I met Lindsay through my husband. They worked a few stores down from each other in a mall. He would tell me how much I’d love her and how I should come visit and pop into her store and introduce myself. And of course, he was right. I visited with my rambunctious, then two-year-old daughter, Miriam. I was exhausted and not as talkative as I usually am. But I could tell Lindsay was awesome.
Lindsay played and ran and giggled with Miriam as they dove onto the couches for sale in the furniture store she managed. She was “one of those people” like the lady in Lindsay’s rant had said. “One of those people” who just soaks up all the goodness and love that oozes out of kids and reflects it right back onto the world.

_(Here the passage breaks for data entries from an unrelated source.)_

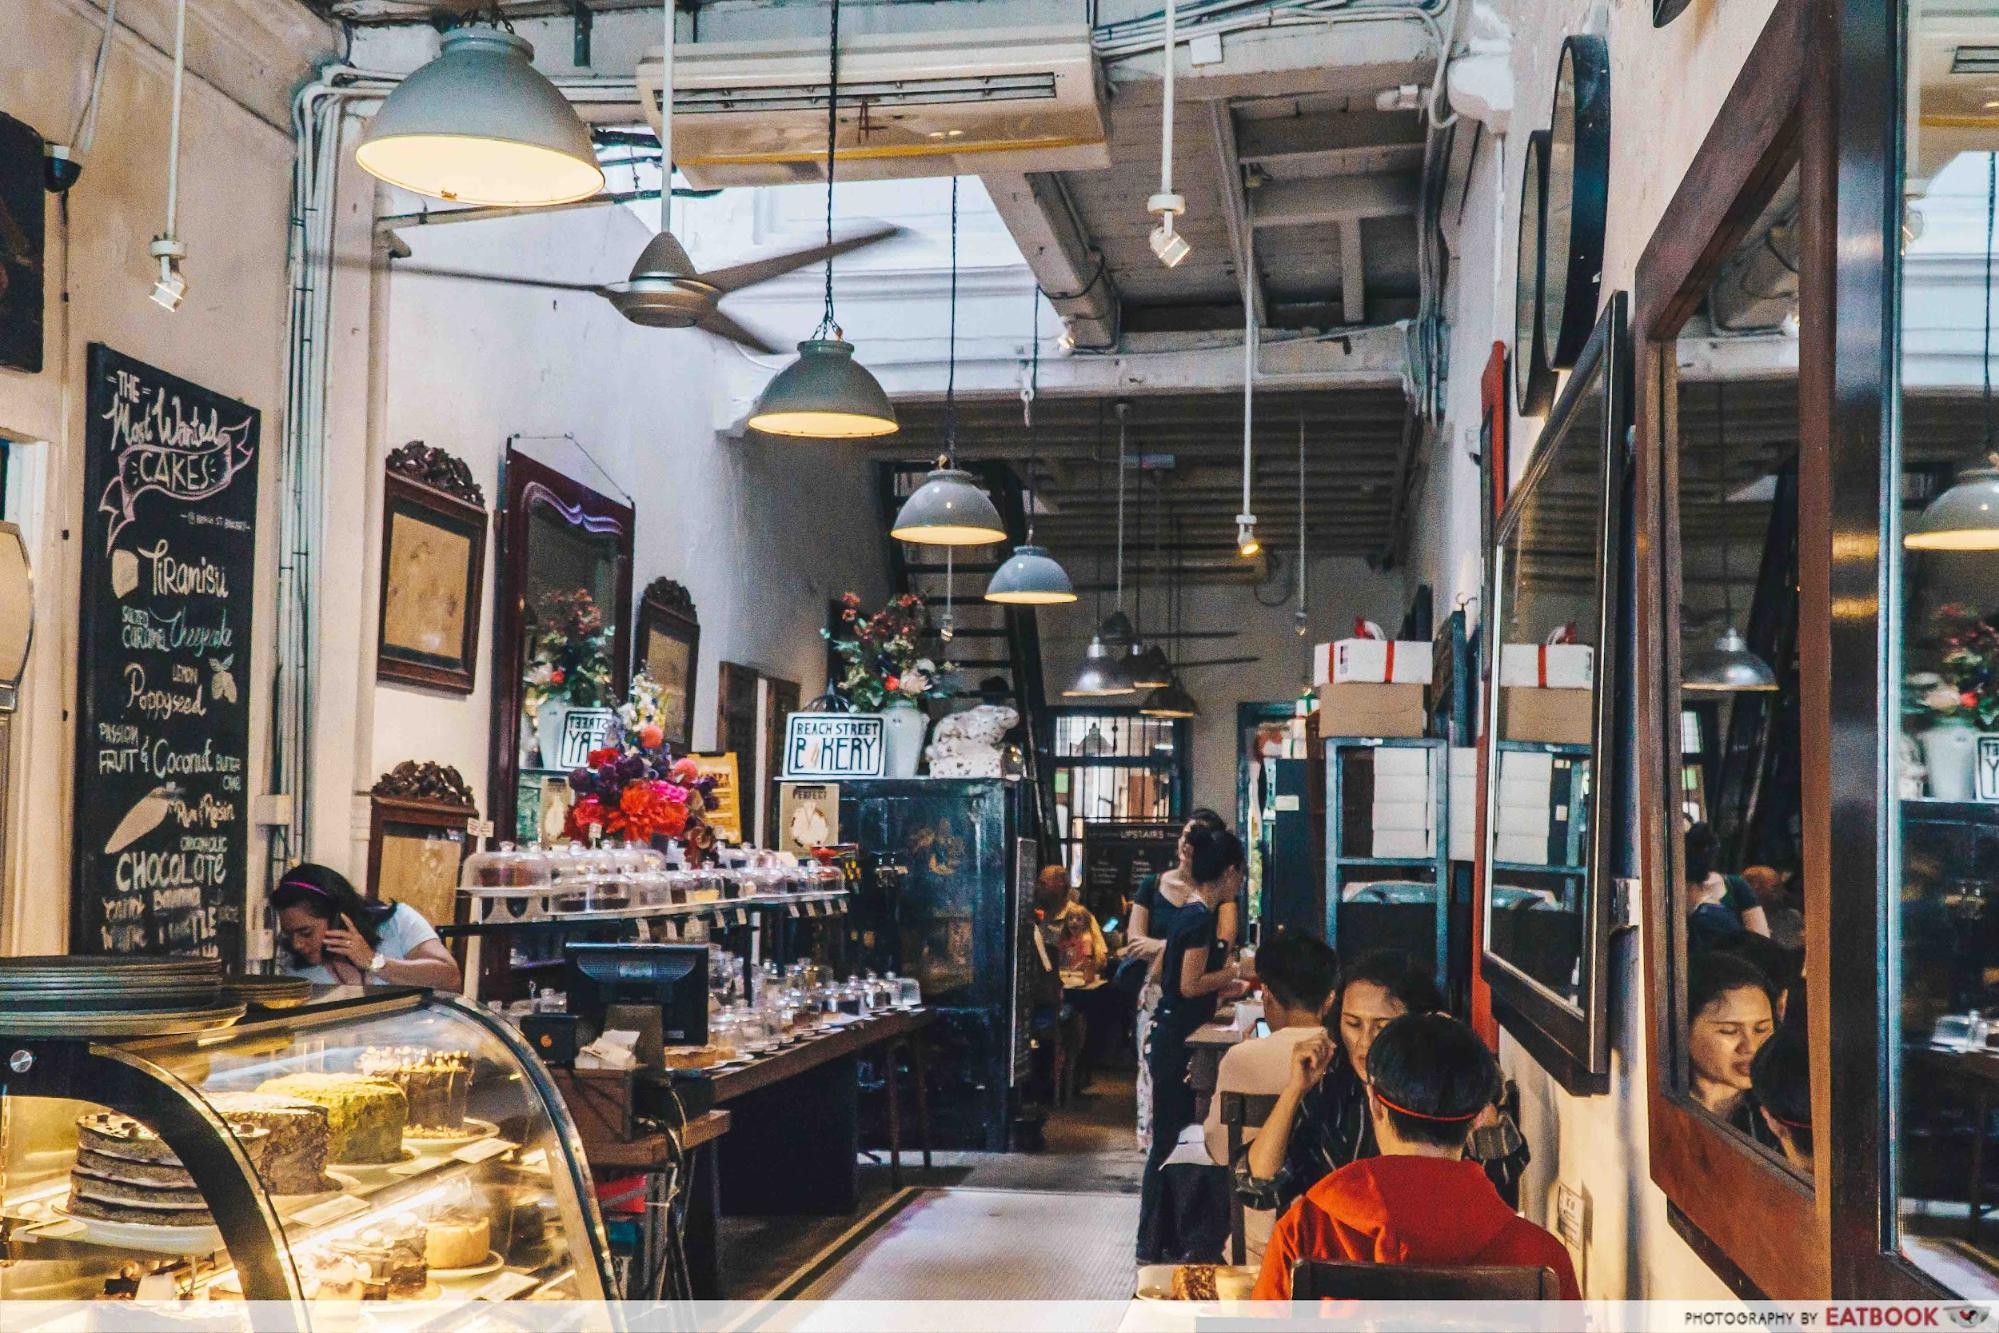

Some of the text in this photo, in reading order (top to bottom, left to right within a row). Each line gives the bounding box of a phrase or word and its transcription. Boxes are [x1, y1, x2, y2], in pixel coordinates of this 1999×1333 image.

[116, 369, 141, 403] THE
[139, 451, 209, 491] CAKES
[796, 722, 879, 735] BEACH STREET
[99, 749, 139, 775] FRUIT
[153, 738, 214, 779] Coconut
[794, 737, 877, 770] BKERY

I didn’t know about her fertility struggles just yet. She knew a little about mine. I had lost my toddler son in a swimming pool accident about five years prior to meeting her. Noah had been easily conceived. It was unheard of to conceive so easily at thirty-nine! When I entered the fertility world at forty-two years old, it was heartbreak all over again. And needles. And blood. And waiting. The waiting really is the hardest part.
I’ve met my version of the lady that Lindsay encountered. Women who didn’t realize they were talking to a very fragile woman. How could they? The most fragile often appear the strongest. Women who didn’t realize how blissfully ignorant they were to not know about infertility to the extreme that Lindsay and I knew about it.
Women who didn’t realize that telling me “You should have another baby! It’s better when they’re close in age!” made me sad. And how not dropping the topic after I’d politely agree “that would be nice” made me want to run to a dark closet until they were gone.
Women who said “You can always adopt. There’s so many kids in the world!” If only adoption were that easy. It is wonderful. But it is not easy.
My husband and I were fortunate. Even after suffering the loss of our son, Noah, I realize every day how fortunate we were to get to the finish line. To have a child again. No matter how we made that happen, the sensitivity and shaming is what I’m talking about here. The use of the word “selfish” is what really jumped out at me when I read Lindsay’s Facebook rant. The judgement. The “I know better than you” mentality.
Lindsay and her husband are not giving up. They are halfway through the fostering process to get approved and have just started looking into international adoption. A perfect world for them would be to adopt overseas, foster with intent to adopt and have a biological child as well. To a woman in the infertility world, this is the stuff that dreams are made of.
I’m begging you to step off your soapboxes, well-meaning or not. Or at least try to keep them closer to the ground. You truly never do know what people are going through. So be kind. Always.
Or if you can’t be kind, just be quiet.